Well, 2008's SCAA conference is over; I returned in one (somewhat harried, frazzled, exhausted and pensive) piece last Monday night. If I hadn't had to hit the ground running in terms of my Mon–Fri job, I would have provided this update sooner. My apologies to any Press Pot groupies who were champing at the bit for my particular take on the whole business. (That "groupies" part was a joke.)
The short version is that amazing people were met; informative lectures were attended; copious notes were taken in now-completely-illegible handwriting; blog posts were written on the fly; Prince was listened to in semifancy hotel rooms with no free Wi-Fi; local bars were scandalized and conquered; the USBC was thoroughly photographed; Scott Rao's book was read on the plane ride home; and Ecco CaffĂ©'s Konga–co-operative Ethiopian Yirgacheffe was lovingly consumed at my day job the day after returning (and the day after that, and the day after that…).
Now we're in reflective mode (we meaning me).
I came away from this conference with my head absolutely spinning. Having never been, I had no idea what to expect; having gone, I have no idea what to think.
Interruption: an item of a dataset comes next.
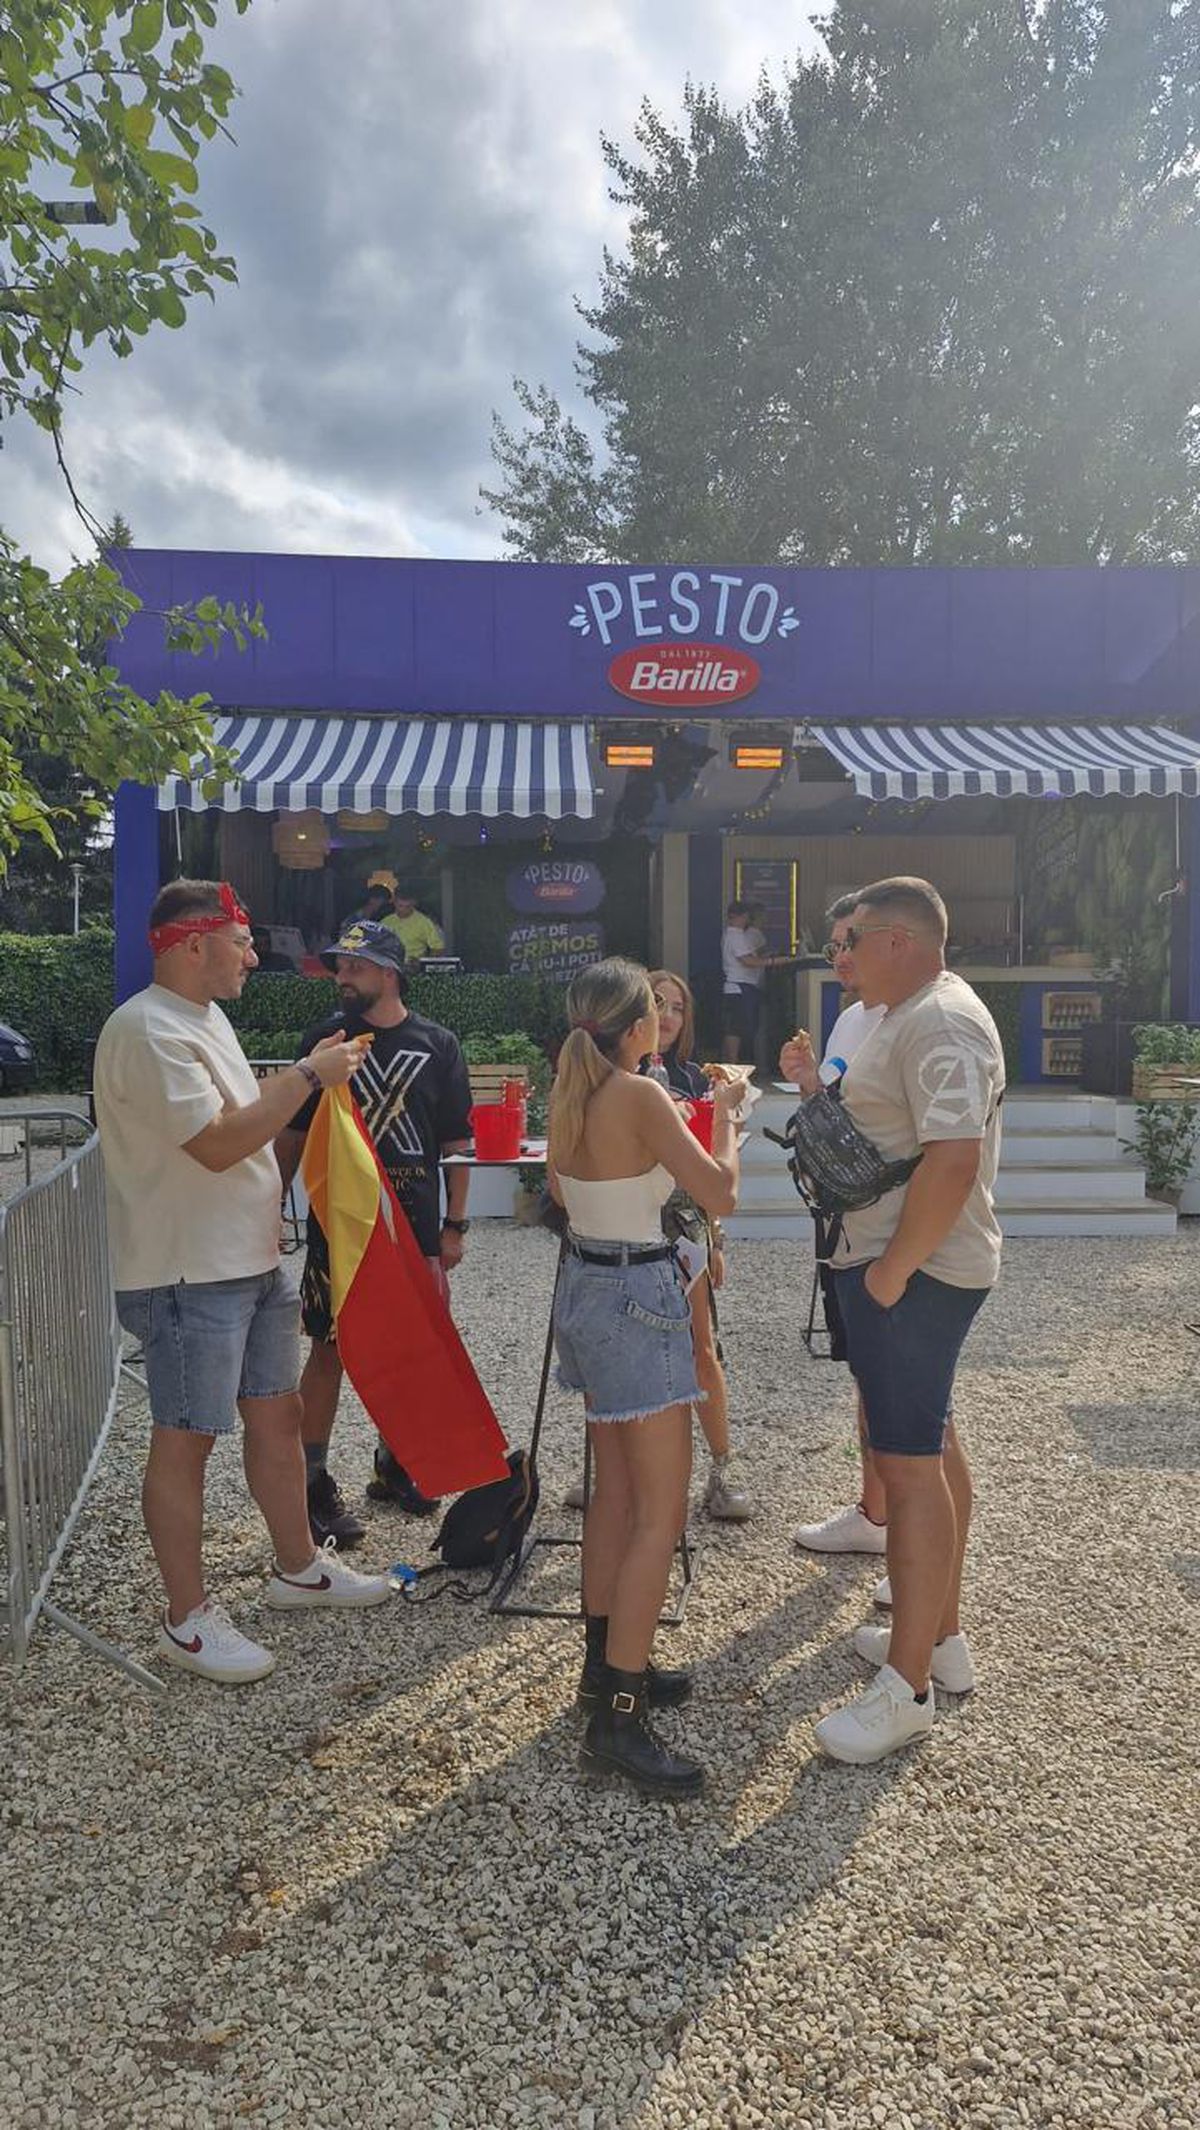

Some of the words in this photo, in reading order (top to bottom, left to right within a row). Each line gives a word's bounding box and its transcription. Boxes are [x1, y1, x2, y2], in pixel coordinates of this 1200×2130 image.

[587, 572, 779, 644] PESTO
[630, 661, 740, 691] Barilla
[529, 861, 585, 884] PESTO
[548, 923, 569, 937] DE
The event was, to me personally, many things at once: inspiring, overwhelming, thrilling, disheartening, motivating, difficult, social, alienating, enlightening, frustrating, wonderful. I hope you don't mind if I work through some of the more complex feelings here.
To be honest, when I first said goodbye to the Minneapolis convention center, I thought it meant I was shelving my tamper for good. I said as much to some friends, and to my husband when I got home. Not because I don't love coffee, but almost because I love it too much, and I love the industry too much. So much so that, like a big family full of tons of eccentric people, it can be incredibly rewarding and incredibly maddening at almost the exact same time. There were a lot of personalities under that roof: A lot of unsavory things were said, a lot of disappointing actions were taken (I'm looking at you, rude guy who was manning the Mazzer booth—consider yourself On Notice) and a lot of proverbial dicks were wagged. But I also saw unbelievable kindnesses, people giddily teaching and learning from other people, shop talked and shots shared, amazing camaraderie, truly inspiring professionalism. Of course, it's the latter list that stands out in my memory, but it's the former list that is, strangely, more motivating.
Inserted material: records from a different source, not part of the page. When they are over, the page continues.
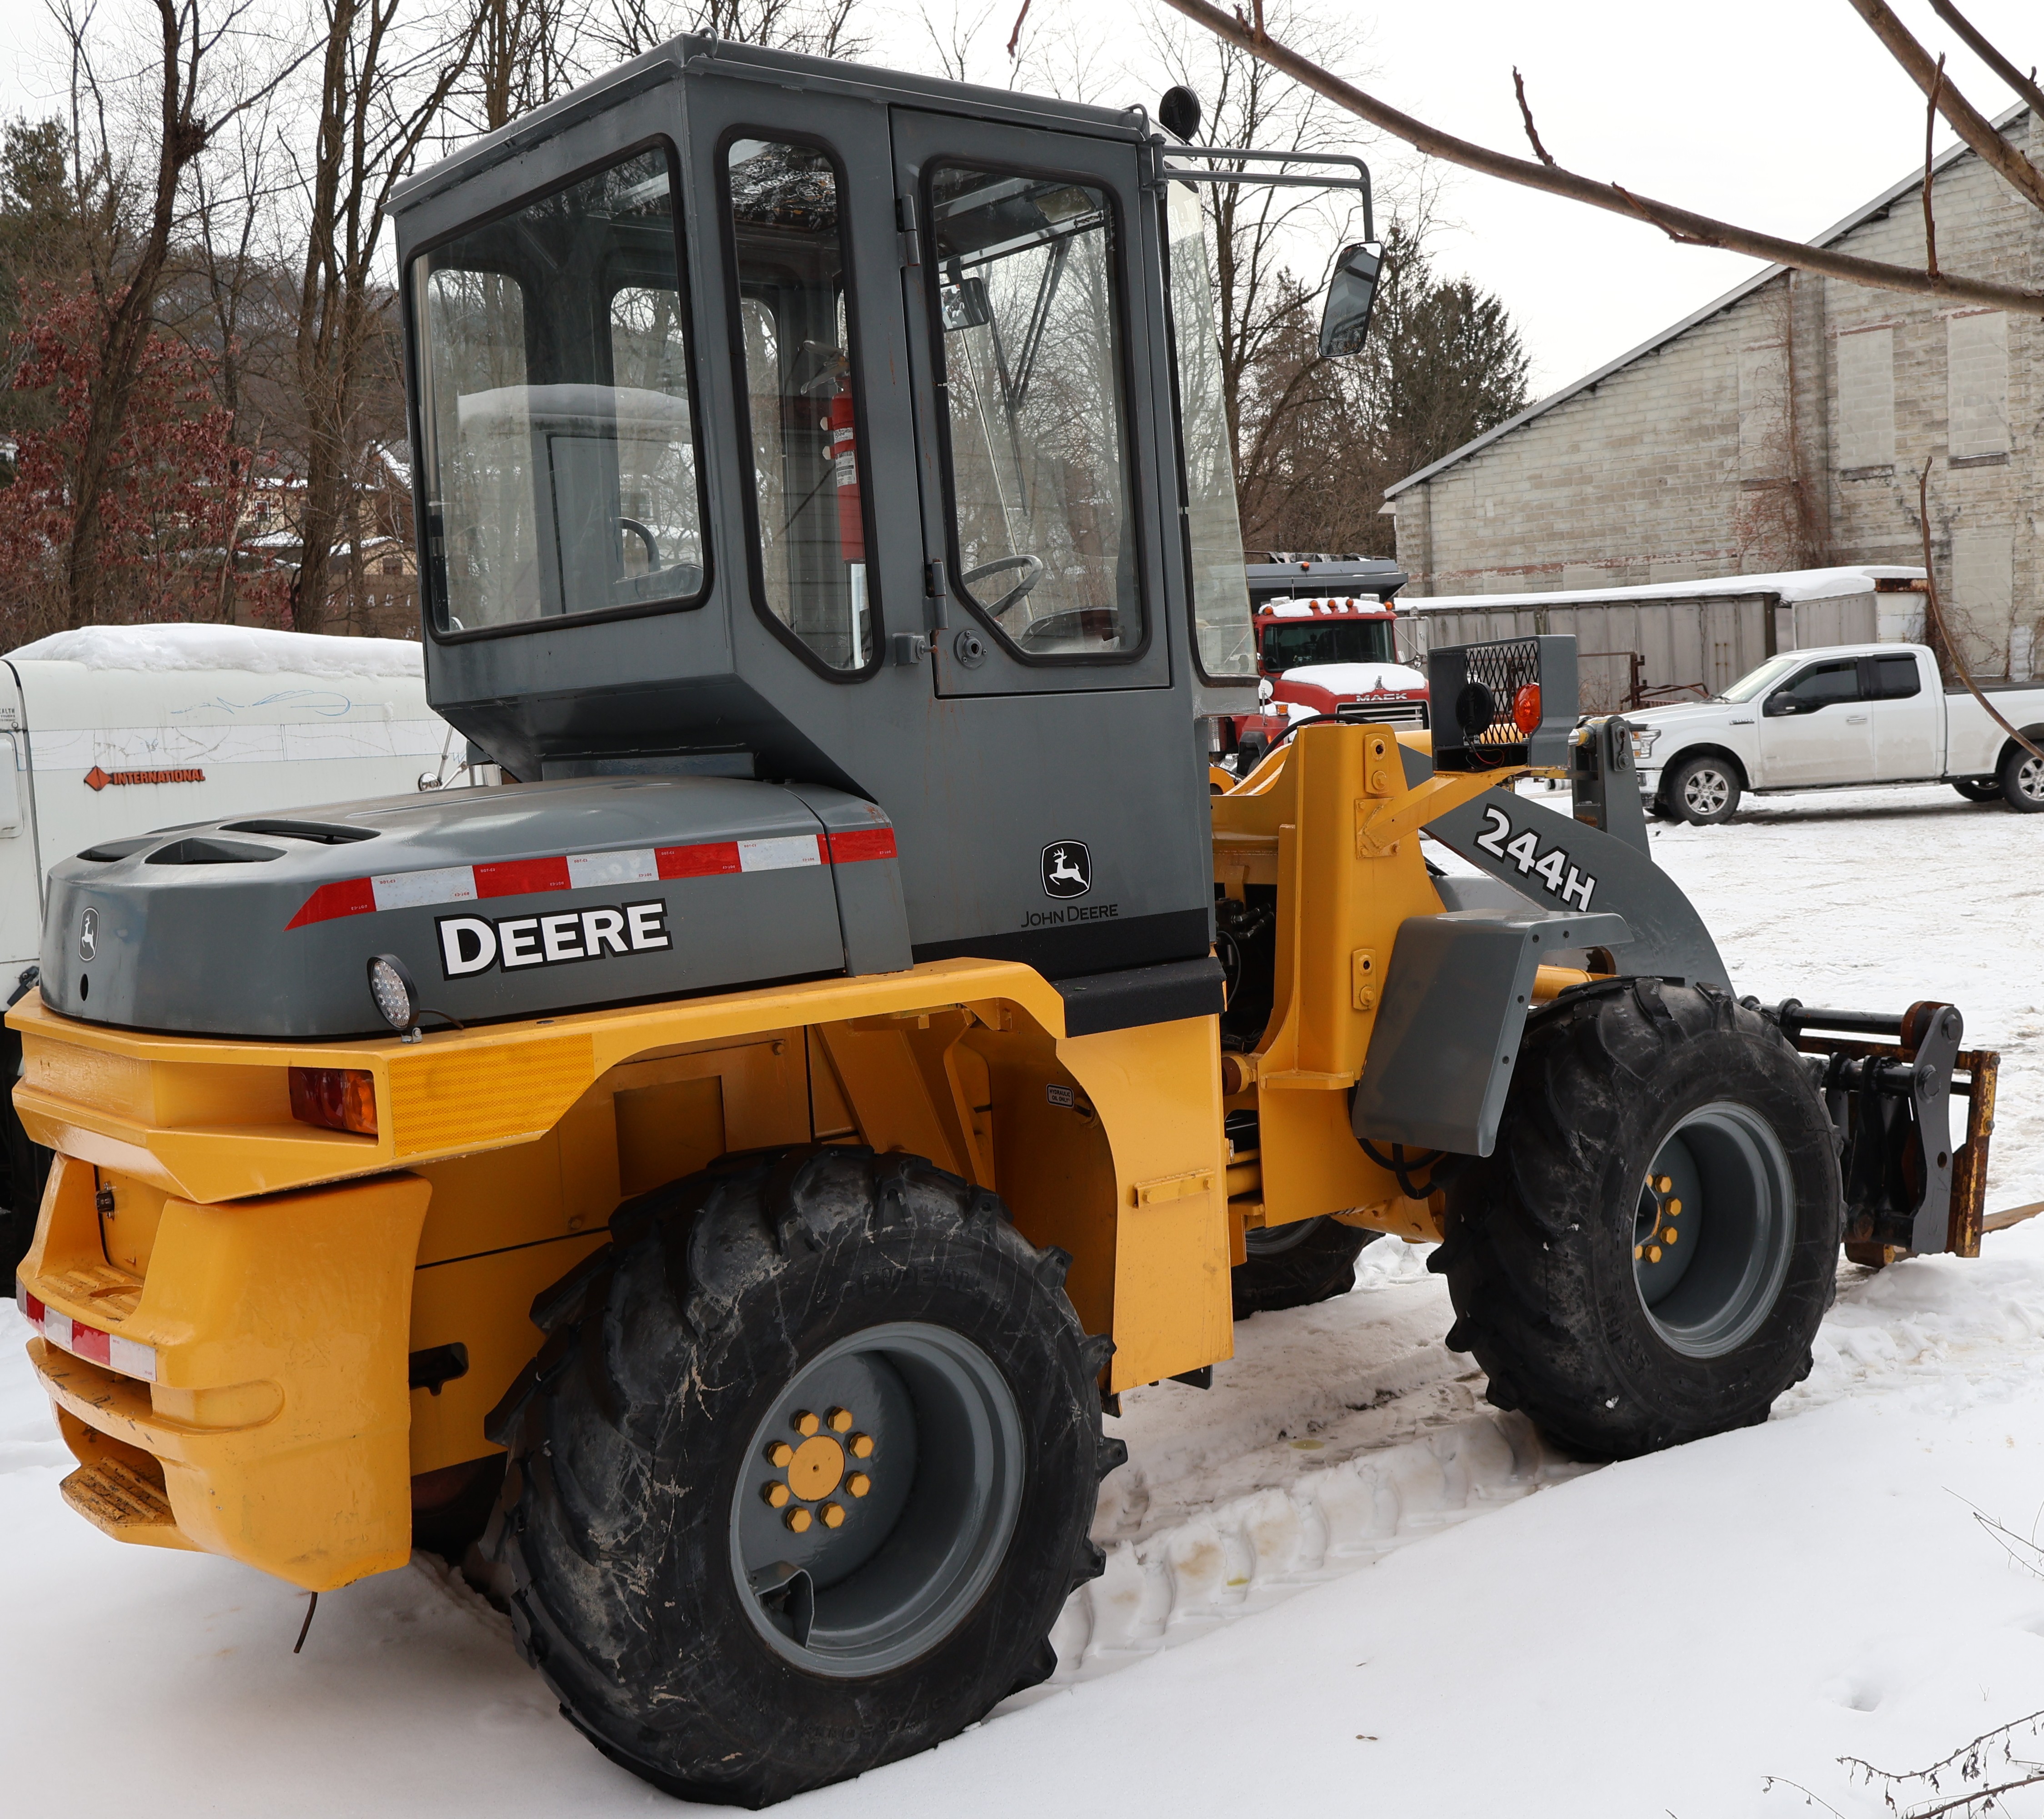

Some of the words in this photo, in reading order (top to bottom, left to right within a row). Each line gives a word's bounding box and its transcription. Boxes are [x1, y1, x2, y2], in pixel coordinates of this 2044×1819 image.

[1356, 693, 1408, 702] MACK
[113, 769, 205, 785] INTERNATIONAL
[1475, 805, 1597, 913] 244H
[1021, 910, 1065, 928] JOHN
[1067, 904, 1118, 922] DEERE
[438, 901, 670, 977] DEERE
[1049, 1089, 1071, 1097] HYDRAULIC
And the reason this was so overwhelming (and still is, even as I begin to process it) is that I feel so on the outside. I'm not slaving away in a shop, at a roastery, at origin: I work a day job and I make coffee mostly on the weekends. All the books are still in my living room; they're all still thumbed-through and dog-eared. But I don't spend my days asking and answering questions about coffee, and I'm never more aware of how little I know about it than when I'm surrounded by people who know so much.
I want to know more; I want to do more. But I don't know how. That's why I am feeling overwhelmed. In that car, on the way to the airport, I thought, "Either I will have to leave coffee altogether, or I will have to finally dedicate my life to it." It's like someone you've dated on and off for years but haven't fully committed to because the timing hasn't been right. Either do it or don't, but make up your mind, son!
So now I'm taking my time, thinking it through. What in the world am I going to do with myself? Is this a mini existential crisis? Am I being super dramatic? Can I really ever be good enough or smart enough about coffee to make a difference in the ways I would want to? G-d, I love coffee and coffee people so much. This is hard! Any and all advice and reflections welcome, encouraged, begged for.
And beyond all else, of course, a long-overdue congratulations (joining a million other laudatory Internet voices) go out to Kyle Glanville for winning this year's USBC, as well as just for being such a swell guy.
Also big ups to second-placer Pete Licata and third-placer Heather Perry, as well as to all of the finalists, semifinalists and anyone who entered any of this year's contests. It takes some real guts and confidence and love of the craft to go out there, and I'm impressed by all of you. You have so much to teach us.
(Remember, you can still watch all the finalists' performances here.)
Thanks to everyone I got to meet and talk with, who graciously shared their time and energy with me either as a blogger or as a coffee professional. Thank you to my fellow blog-team members, who were patient and funny and fascinating and bold. Thank you to Nick Cho for putting us together. Thank you to the SCAA for existing, and for looking to better itself. Thank you to Minneapolis for letting us crash your party. Thanks to Torani and the BGA for the free photobooth.
And thanks to you for reading, and I am really serious about the advice and information—I need all the help I can get.
You guys are all, seriously, the best.